Он придумал и научил нас новой манере, которая заключалась в том, чтобы не выглядеть оригинальным («не щеголять новым костюмом», говорил он); он советовал нам писать «как все», потому что так оригинальности труднее проявиться; кроме того, он показывал нам пример того, как надо работать. Ибо этот лентяй (я вынужден был запирать его в комнате, чтобы он докончил главу), этот школьник-шалопай, убегавший через окно и делавший уроки кое-как (ему вечно приходилось потом все переписывать), с китайским упорством сидел над книгами. Он прочитывал тьму бездарных книжонок, сравнивал их с шедеврами, возвращался к ним снова, делал пометки, что-то записывал, крутя папироски, и заявлял, что поскольку механизм шедевра невидим, то учиться можно только на плохих книгах, слывущих хорошими.

Приступы гнева с ним случались редко, зато были страшны. Он вдруг становился мертвенно-бледен. Жан Гюго и Жорж Орик, должно быть, запомнили тот вечер на берегу залива Аркашон. Мы читали, усевшись вокруг кухонного стола. Я некстати заметил, что Мореас совсем даже недурен. Я читал его стансы. Радиге встал, выхватил у меня книгу, прошел через пляж, швырнул книгу в море и вернулся на место. У него был лицо убийцы, которое невозможно забыть.

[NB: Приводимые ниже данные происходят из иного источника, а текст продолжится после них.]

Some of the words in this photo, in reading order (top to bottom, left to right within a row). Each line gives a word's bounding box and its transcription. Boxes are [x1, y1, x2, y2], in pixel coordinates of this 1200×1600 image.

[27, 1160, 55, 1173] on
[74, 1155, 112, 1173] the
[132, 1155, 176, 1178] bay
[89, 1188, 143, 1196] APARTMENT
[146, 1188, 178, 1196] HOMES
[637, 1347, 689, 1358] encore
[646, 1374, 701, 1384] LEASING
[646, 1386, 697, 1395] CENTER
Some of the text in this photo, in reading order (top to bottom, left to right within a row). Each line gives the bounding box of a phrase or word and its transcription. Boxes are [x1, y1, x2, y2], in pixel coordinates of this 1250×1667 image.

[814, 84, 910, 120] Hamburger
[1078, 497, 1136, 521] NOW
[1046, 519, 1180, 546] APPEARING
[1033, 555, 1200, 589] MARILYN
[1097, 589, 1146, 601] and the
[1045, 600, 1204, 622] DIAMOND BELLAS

Его романы, особенно, на мой взгляд, «Дьявол во плоти», — явление столь же невероятное в своем роде, что и стихи Рембо. Но наши современные эрудиты ни разу их не отметили. Радиге был чересчур независим. Он и меня научил не ждать ниоткуда поддержки.

Вероятно, у него имелся какой-то план, он осуществлял определенную программу, рассчитанную надолго вперед. Однажды он упорядочил бы все им написанное и даже, я уверен, сделал бы все необходимое, чтобы его заметили. Он ждал своего часа. Смерть настигла его раньше.

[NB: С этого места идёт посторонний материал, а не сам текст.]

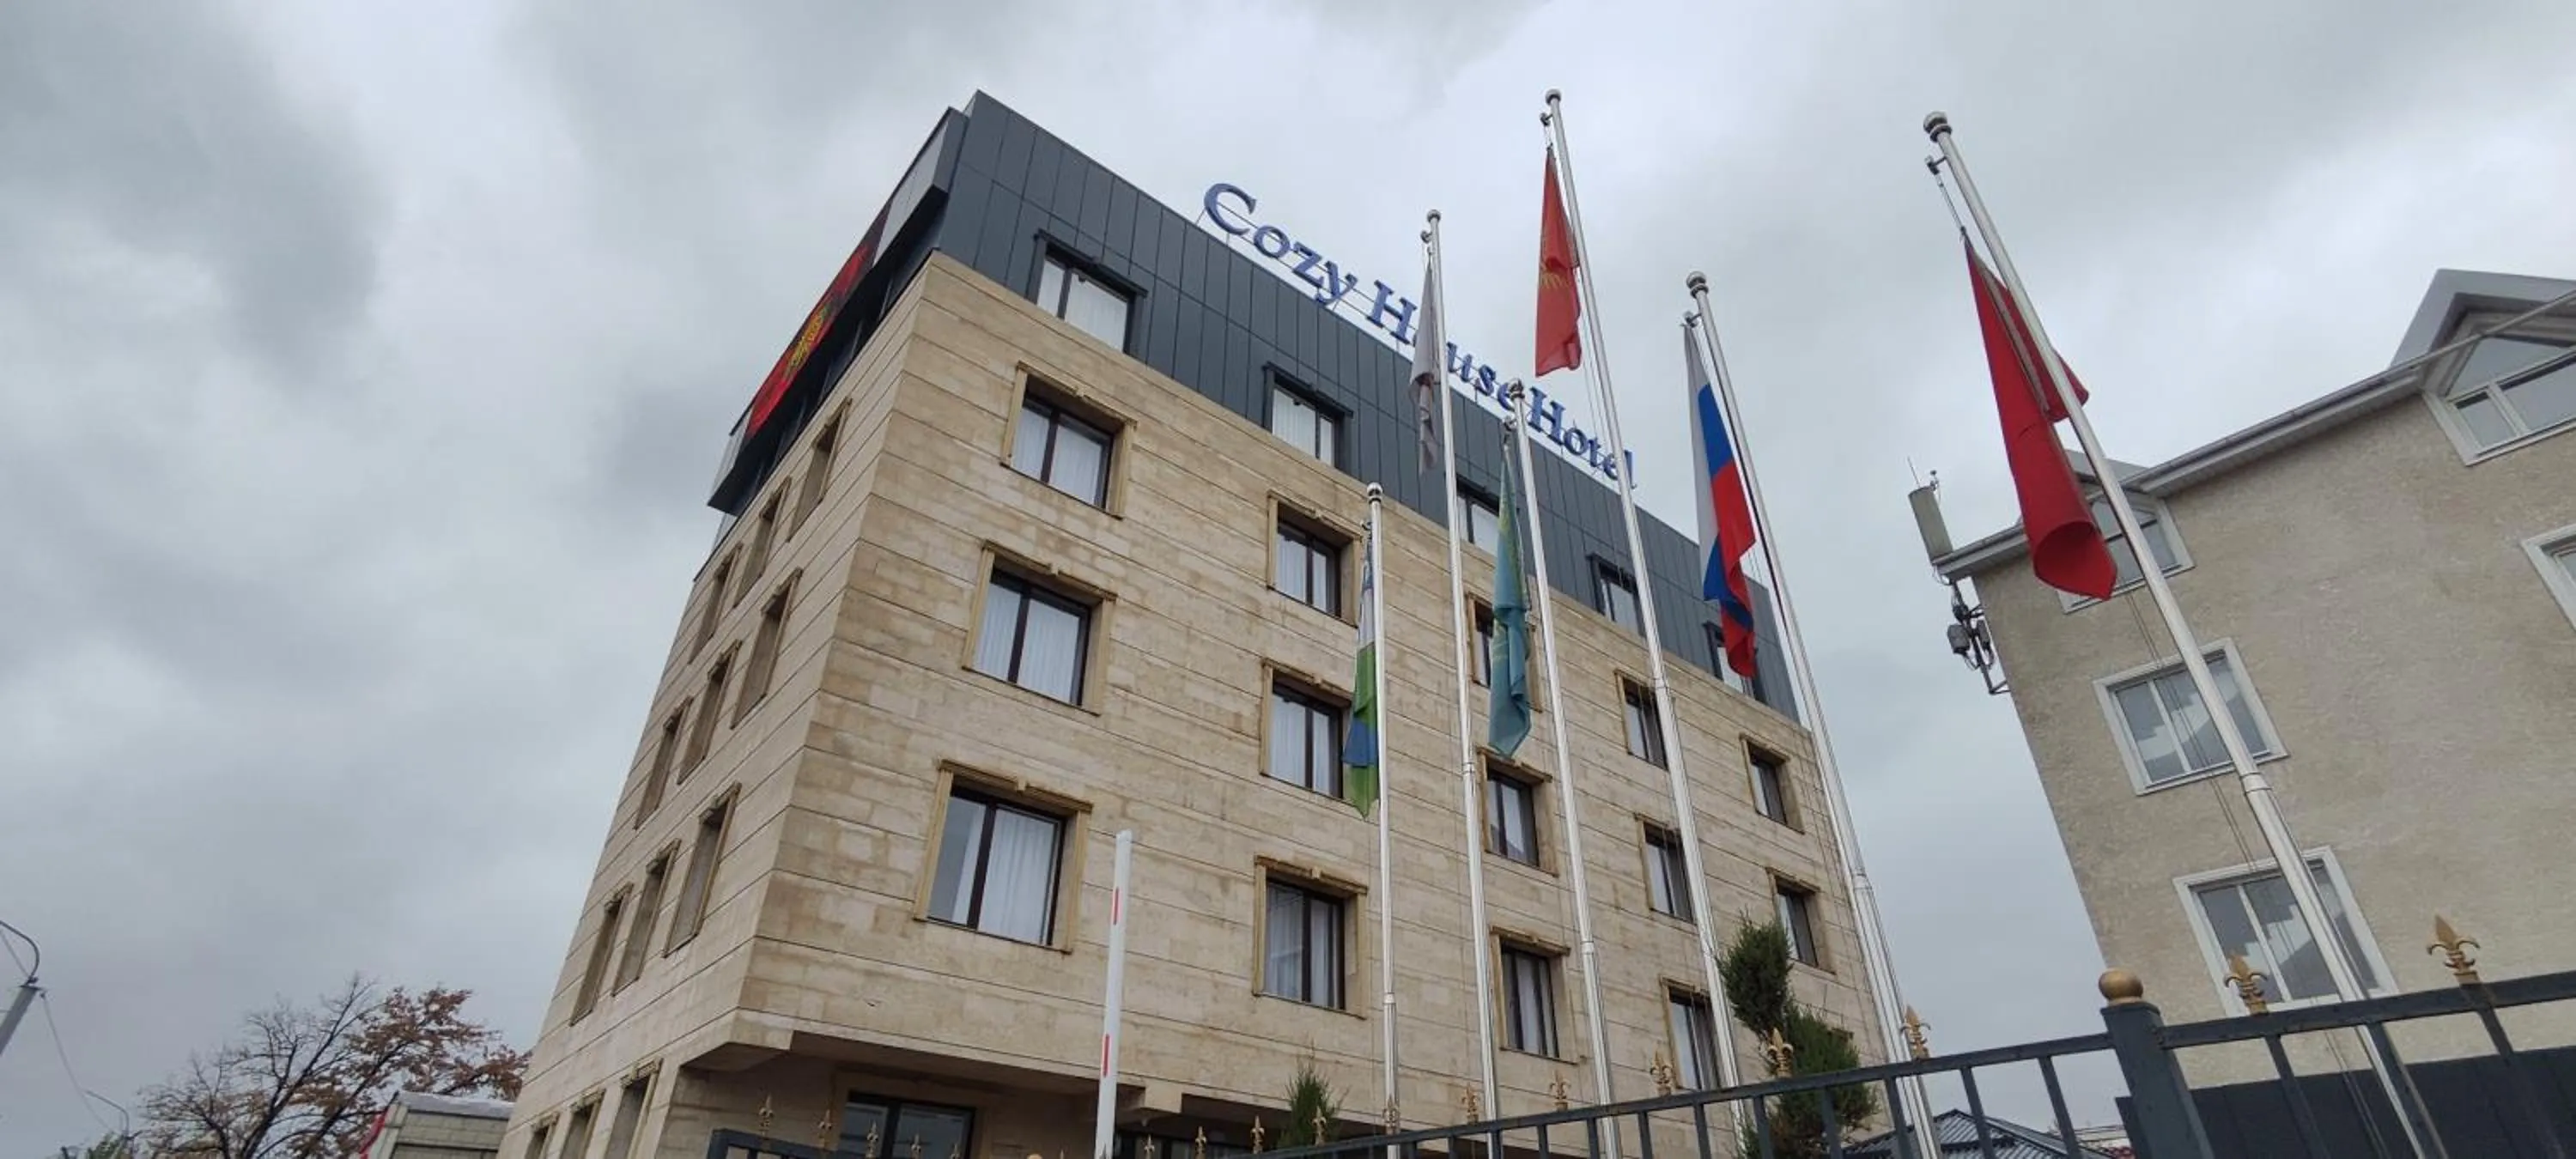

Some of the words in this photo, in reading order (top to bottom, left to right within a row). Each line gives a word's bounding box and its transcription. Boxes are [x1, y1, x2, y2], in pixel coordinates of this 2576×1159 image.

[1204, 183, 1358, 307] Cozy
[1366, 280, 1519, 412] Huse
[1528, 386, 1637, 489] Hotel

Если я и обладаю минимальной прозорливостью, то это заслуга Радиге, поэтому его смерть повергла меня в совершенную растерянность, я не способен совладать с моим суденышком и не знаю, что делать с собственными произведениями, как им помочь.

О моей внешности

У меня никогда не было красивого лица. Красоту мне заменяла молодость. Костяк у меня хороший. Но плоть на нем плохо распределена. Да и скелет с годами меняет форму, портится. Нос, который всегда был прямым, теперь вдруг загнулся, как у моего деда. Я заметил, что и у матери, когда она лежала в гробу, он тоже загнулся. Частые душевные бури, страдания, приступы сомнений, усилием воли смирённые мятежи, удары судьбы избороздили мой лоб морщинами, заломили глубокую складку между бровями, изменили самую линию бровей; тяжело набрякли веки; впалые щеки стали дряблыми, уголки рта опустились — так что когда я склоняюсь над низким зеркалом, то вижу, как маска отстает от моих костей и принимает бесформенную форму. На подбородке у меня пробивается белая щетина. Волосы поредели, но растут все так же беспорядочно. На голове у меня копна торчащих в разные стороны прядей, причесать которые невозможно. Если их пригладить, у меня идиотский вид. Если они стоят дыбом, то складывается впечатление, будто я рисуюсь.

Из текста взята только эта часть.